Nature Materials, Vol.19, No.5, 559-+, 2020
Enhanced photocatalytic hydrogen evolution from organic semiconductor heterojunction nanoparticles
Photocatalysts formed from a single organic semiconductor can suffer from inefficient charge generation leading to low photocatalytic activities. Incorporating a heterojunction between a donor polymer and non-fullerene acceptor in organic nanoparticles leads to enhanced photocatalytic hydrogen evolution. Photocatalysts formed from a single organic semiconductor typically suffer from inefficient intrinsic charge generation, which leads to low photocatalytic activities.

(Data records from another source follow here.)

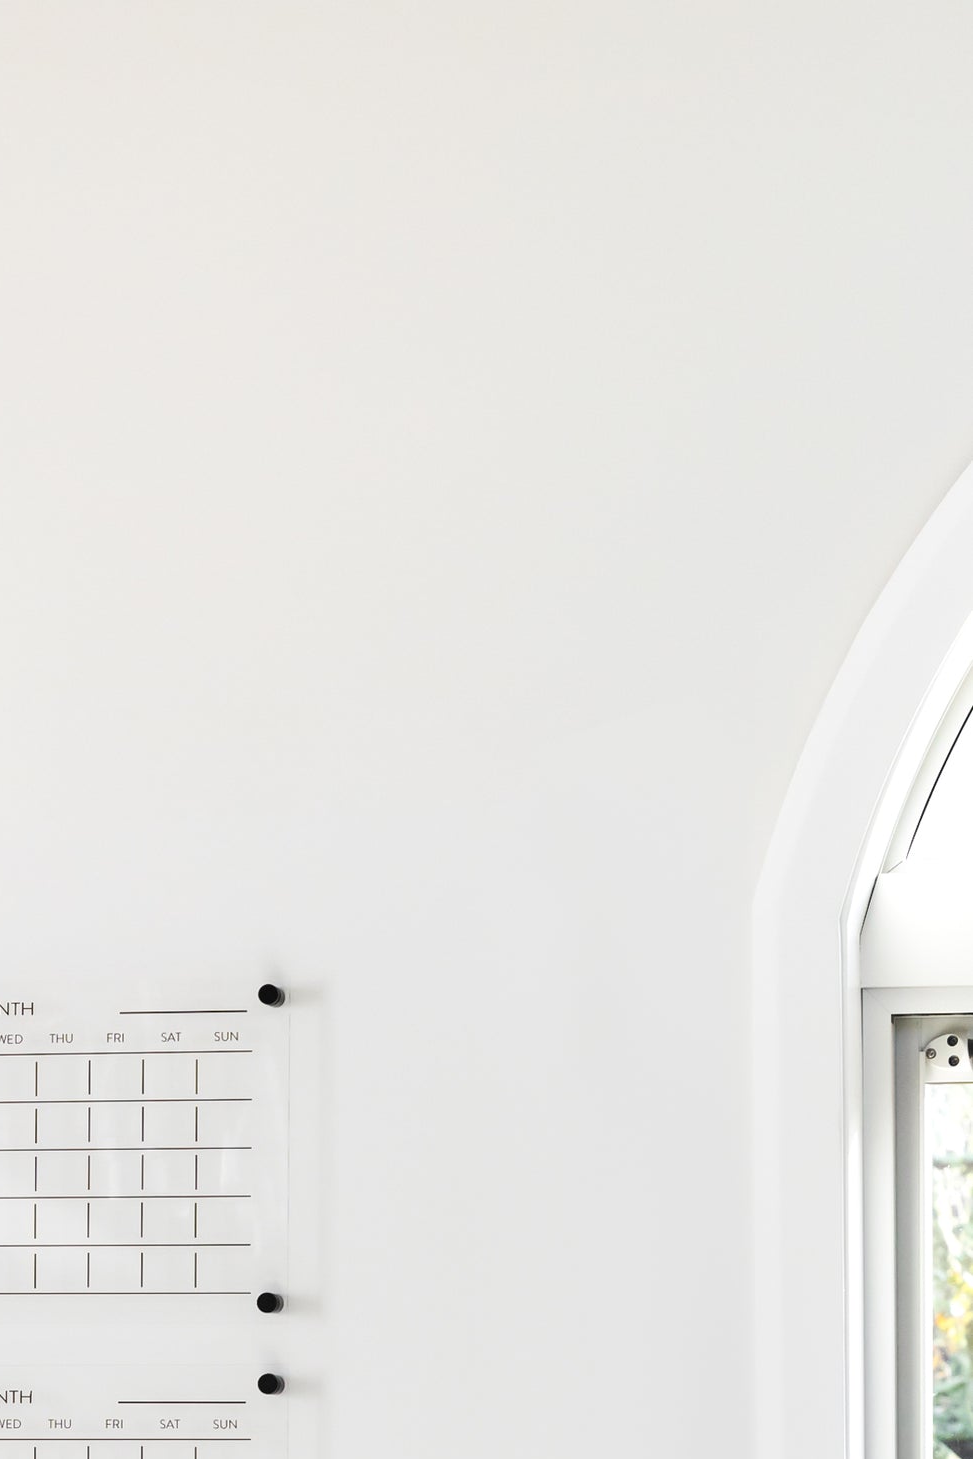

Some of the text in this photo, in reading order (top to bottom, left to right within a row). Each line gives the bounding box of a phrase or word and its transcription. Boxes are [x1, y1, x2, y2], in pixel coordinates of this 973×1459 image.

[49, 1033, 74, 1044] THU
[106, 1032, 125, 1043] FRI
[160, 1031, 182, 1043] SAT
[213, 1031, 239, 1042] SUN
[47, 1418, 72, 1430] THU
[105, 1418, 124, 1429] FRI
[159, 1418, 181, 1430] SAT
[212, 1418, 238, 1430] SUN

We demonstrate that incorporating a heterojunction between a donor polymer (PTB7-Th) and non-fullerene acceptor (EH-IDTBR) in organic nanoparticles (NPs) can result in hydrogen evolution photocatalysts with greatly enhanced photocatalytic activity. Control of the nanomorphology of these NPs was achieved by varying the stabilizing surfactant employed during NP fabrication, converting it from a core-shell structure to an intermixed donor/acceptor blend and increasing H-2 evolution by an order of magnitude. The resulting photocatalysts display an unprecedentedly high H-2 evolution rate of over 60,000 mu mol h(-1) g(-1) under 350 to 800 nm illumination, and external quantum efficiencies over 6% in the region of maximum solar photon flux.